_Task directions_
Make an exact copy of all the entries below, with the pictures left out.

_Information_
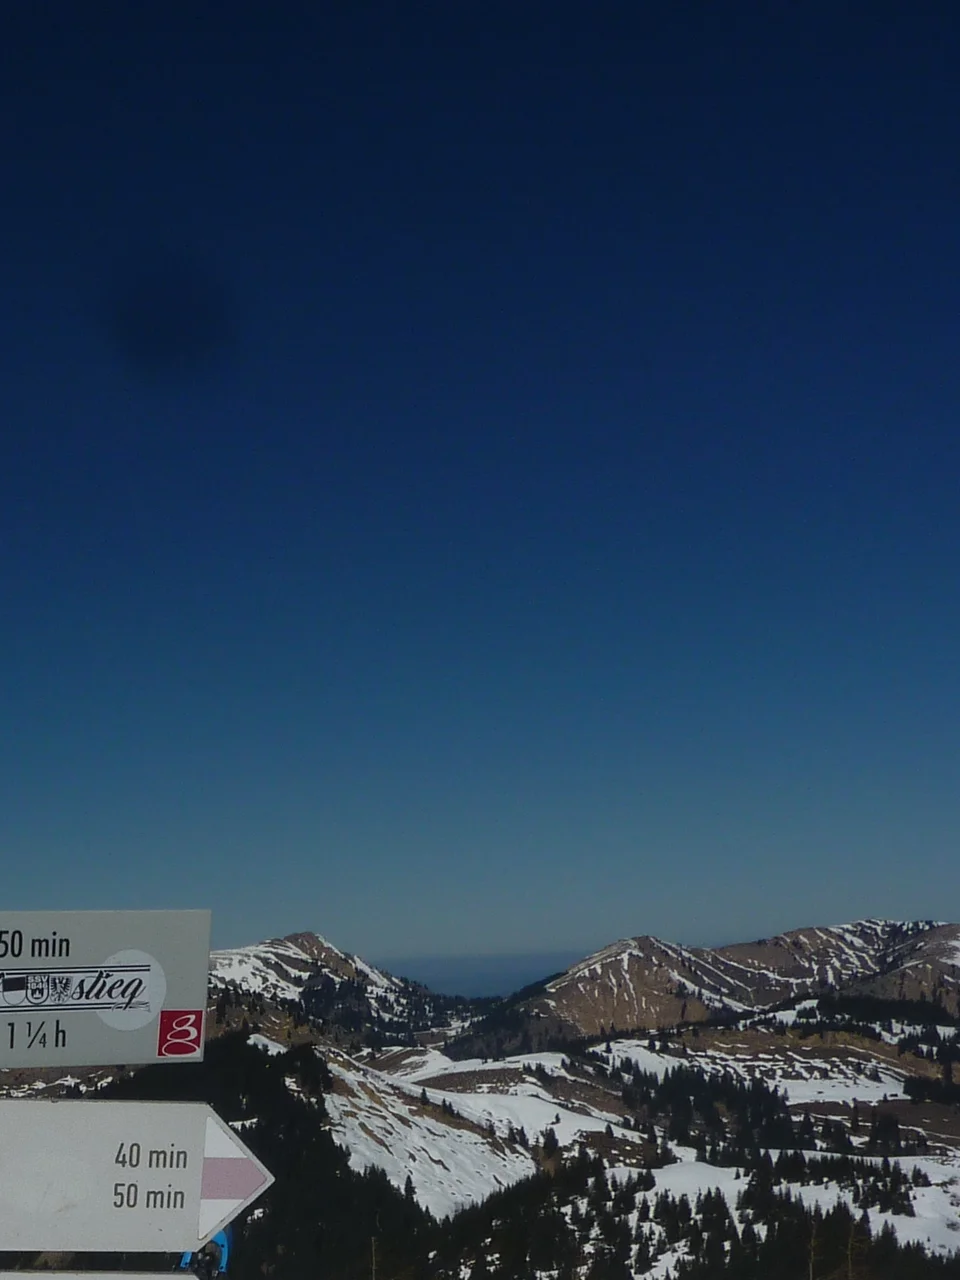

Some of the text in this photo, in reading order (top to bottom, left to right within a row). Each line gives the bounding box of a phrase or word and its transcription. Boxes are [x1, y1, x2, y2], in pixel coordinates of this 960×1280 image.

[30, 931, 71, 958] min
[54, 1019, 67, 1047] h
[114, 1142, 188, 1169] 40 min
[113, 1183, 185, 1209] 50 min
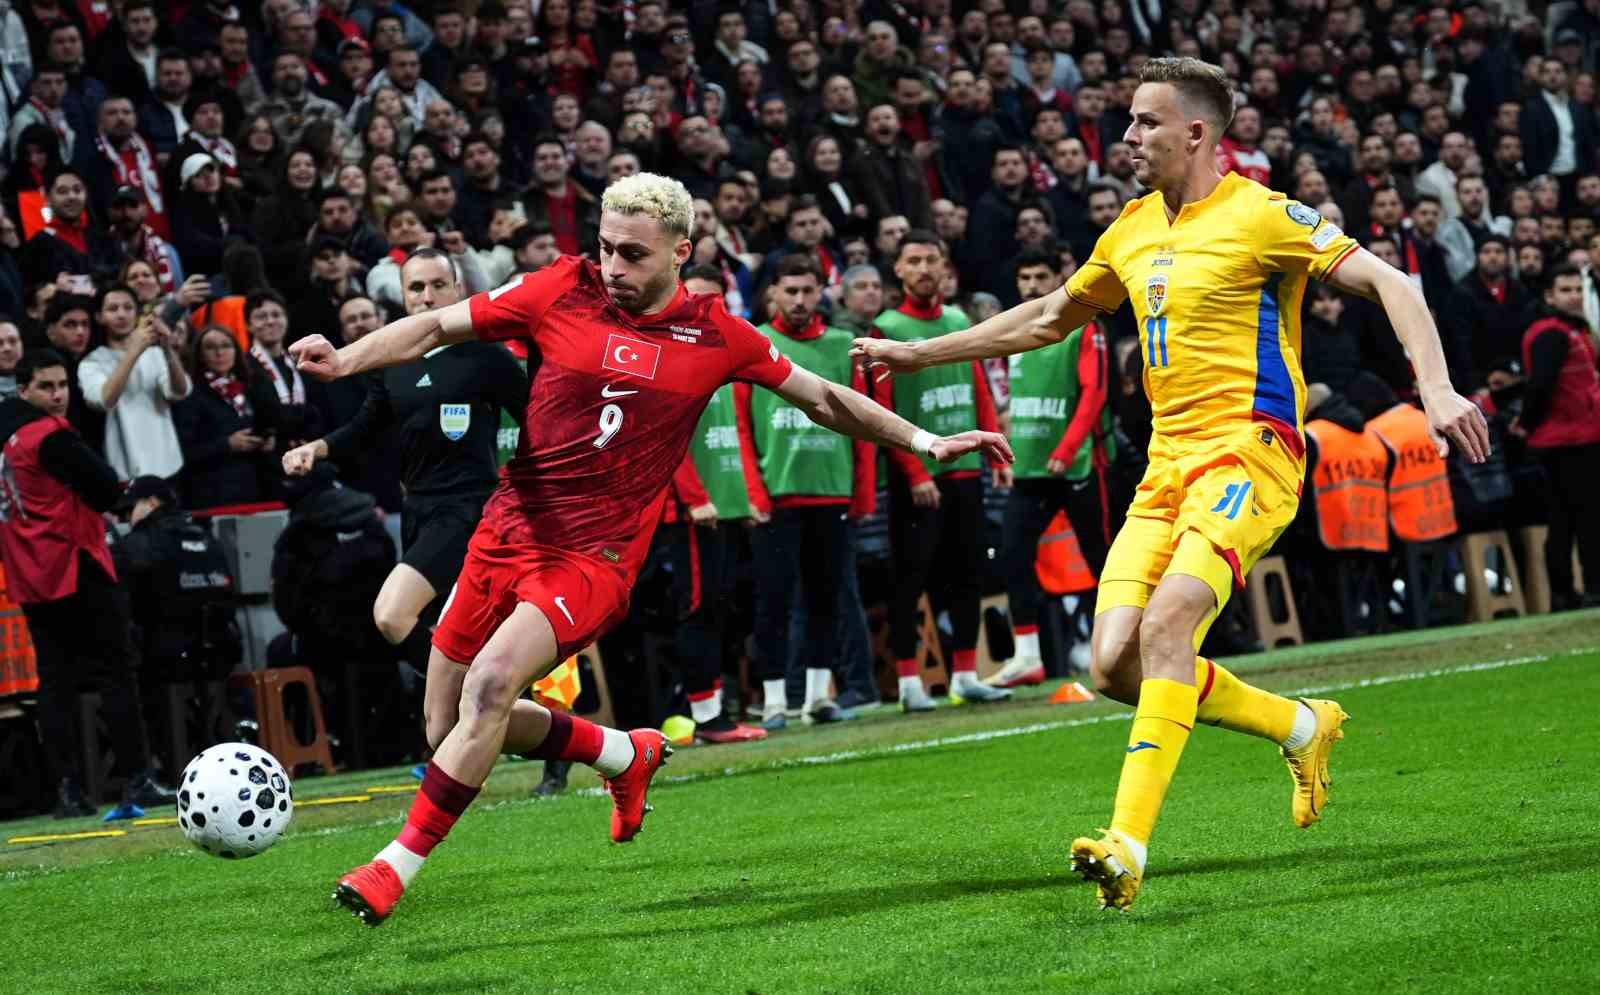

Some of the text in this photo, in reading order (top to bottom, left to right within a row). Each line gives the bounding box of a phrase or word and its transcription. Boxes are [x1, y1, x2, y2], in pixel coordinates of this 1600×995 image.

_Output_
Some of the text in this photo, in reading order (top to bottom, left to right within a row). Each line gives the bounding box of a phrase or word and its transcription. Boxes are [x1, y1, x2, y2], in pixel coordinates of this 960×1280 image.

[30, 931, 71, 958] min
[54, 1019, 67, 1047] h
[114, 1142, 188, 1169] 40 min
[113, 1183, 185, 1209] 50 min

Some of the text in this photo, in reading order (top to bottom, left to right within a row). Each line gives the bounding box of a phrase or word and its transcription. Boxes are [x1, y1, x2, y2], in pixel coordinates of this 1600×995 image.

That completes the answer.